Six male Wistar rats (Taconic, Ry, DK) were included in the study. All rats were subjected to unilateral renal ischemia by clamping the left renal artery with a non- traumatic clamp for 40min and a reperfusion period of 24h, similar to a previously reported procedure(7). Immediately after the scan session, the animals were killed under the anaesthesia. Temperature and respiration was monitored during both the surgical procedure and the MRI scan session.

Hyperpoalrization
Hyperpolarized 145mM urea samples were prepared by adding 200mL [¹³C,¹⁵N₂]urea (Sigma-Aldrich, Broendby,DK), glycerol (Sigma-Aldrich, Broendby, DK) and AH111501 (GE Healthcare, Broendby, DK) (6.4M concentration) mixed ratio (0.30:0.68:0.02, respectively) to a fluidpath (GE Healthcare, Broendby, DK) and placing it in the 5T SPINlab polarizer (GE Healthcare, Broendby, DK). Samples were polarized for 2 hours and then rapidly dissolved and transferred to the rats placed in a 9.4T preclinical MR scanner (Agilent, UK) equipped with a ¹H/¹³C dual-tuned volume coil (Doty scientific, Columbia, SC). Injection volume was approximately 1.0mL.

¹³C T₂ MRI
Hyperpolarized ¹³C-urea T₂ mapping was performed with single shot 2D golden-angle radial fast spin echo (repetition time = 3000 ms, echo time (TE) = 4.6 ms, ∆TE=36.8 ms, field of view = 70x70mm², matrix = 64x64 flip angle 90/180 degrees for the slice selective excitation/refocusing pulses, 10mm slice thickness(6)). Reconstruction of the radial data was performed in Gadgetron.

Relaxometry processing
Laplacian fitting was performed on experimental data using a regularized least-squares approach in Matlab with no prior assumptions on the initial relaxation distribution, constrained between 1 and 2000ms (8). In vivo fitting was halted when either the Chi² of the time domain fit was greater than 98%, or an iteration limit was reached. If Chi² was not above 98% after reaching the iteration limit, data were discarded.

Regions of interest
Regions of interest were drawn in Matlab to segment the whole kidney in the axial plane, to produce IRI and healthy kidney masks.

Statistical analysis
The relaxation pool distribution was determined using an automated Gaussian fit to each relaxation peak, assessing for mono- and bi- exponential behaviour in each voxel. The percentage of voxels in an IRI or healthy mask exhibiting a mono- and bi- exponential decay was calculated over all subjects and averaged.
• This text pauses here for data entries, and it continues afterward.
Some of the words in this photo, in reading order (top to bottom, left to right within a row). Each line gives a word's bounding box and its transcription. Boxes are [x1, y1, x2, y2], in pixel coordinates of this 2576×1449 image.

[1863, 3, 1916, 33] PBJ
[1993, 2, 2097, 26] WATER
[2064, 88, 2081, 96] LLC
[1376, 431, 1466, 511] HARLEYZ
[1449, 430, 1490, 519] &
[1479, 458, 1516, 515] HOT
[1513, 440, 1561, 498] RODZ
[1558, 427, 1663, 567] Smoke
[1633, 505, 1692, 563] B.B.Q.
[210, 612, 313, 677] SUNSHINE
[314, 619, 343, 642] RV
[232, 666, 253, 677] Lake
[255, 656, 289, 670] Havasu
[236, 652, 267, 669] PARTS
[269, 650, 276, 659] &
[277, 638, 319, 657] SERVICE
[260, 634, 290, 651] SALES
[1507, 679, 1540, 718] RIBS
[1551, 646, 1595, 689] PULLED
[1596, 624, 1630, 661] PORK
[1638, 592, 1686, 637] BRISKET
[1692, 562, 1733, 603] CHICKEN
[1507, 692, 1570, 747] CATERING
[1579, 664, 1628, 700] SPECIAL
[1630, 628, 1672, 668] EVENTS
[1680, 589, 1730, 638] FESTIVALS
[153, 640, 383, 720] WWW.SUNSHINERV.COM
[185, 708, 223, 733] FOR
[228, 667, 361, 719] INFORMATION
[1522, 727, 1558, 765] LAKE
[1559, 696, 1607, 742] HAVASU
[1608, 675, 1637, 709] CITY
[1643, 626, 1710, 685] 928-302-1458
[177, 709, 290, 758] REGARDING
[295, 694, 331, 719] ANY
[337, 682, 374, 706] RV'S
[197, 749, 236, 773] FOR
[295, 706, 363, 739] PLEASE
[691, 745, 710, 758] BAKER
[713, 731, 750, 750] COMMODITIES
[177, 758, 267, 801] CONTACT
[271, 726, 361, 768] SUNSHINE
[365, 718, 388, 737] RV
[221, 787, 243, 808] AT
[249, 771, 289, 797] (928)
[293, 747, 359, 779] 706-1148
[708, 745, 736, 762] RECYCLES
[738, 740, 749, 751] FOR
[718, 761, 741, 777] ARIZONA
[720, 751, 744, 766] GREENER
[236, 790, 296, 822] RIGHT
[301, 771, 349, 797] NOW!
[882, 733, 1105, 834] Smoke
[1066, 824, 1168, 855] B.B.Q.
Differences in the % of mono-, and bi- exponential voxels between healthy and IRI kidneys was assessed using a paired t-test, assuming significance at p<0.05.

Results

Laplacian fitting reveals multi-exponential relaxation of hyperpolarized urea in the IRI and healthy kidney.
Imaging was successful in all rats, with example ¹H and ¹³C imaging data shown in figure 1 A and B, respectively. Fitting results showed a number of relaxation pools in both the healthy and IRI kidney, resulting in multi-exponential behavior. An example fit showing a comparison of single and Laplacian fitting in a healthy kidney voxel is shown in figure 2 with Chi² for single exponential and Laplacian are 0.58 and 0.99 respectively.
AKI causes a decrease in bi-exponential behavior in the injured renal system.
There was a marked difference in the number of mono- and bi-exponential pools between the IRI and healthy kidneys (14 ± 10% vs 4 ± 2%, 85 ± 10% vs 95 ± 3%, respectively, p < 0.05) with a visual injury seen in the IRI kidney pools map (see figure 3 A, B, and C for imaging and D for pool size results). There was a significant difference between the healthy and IRI long relaxation components (664 ± 52 ms vs 303 ± 27 ms, respectively, p < 0.001) but not the short components (139 ± 23 ms vs 101 ± 57 ms, respectively, p > 0.05).

Discussiom

This study has shown the power of hyperpolarized ¹³C,¹⁵N₂-urea and multi-exponential fitting in the visualization and quantification in a rodent model of acute kidney injury. Results showed a significant increase in monoexponential relaxation induced by ischemia, with a subsequent decrease in the long relaxation component also observed. These results provide evidence for the use of hyperpolarized relaxation mapping for the diagnosis and further understanding of acute kidney injury.

Acknowledgements

The authors would like to thank the Little Princess Trust and the Lundbeck foundation for funding this work.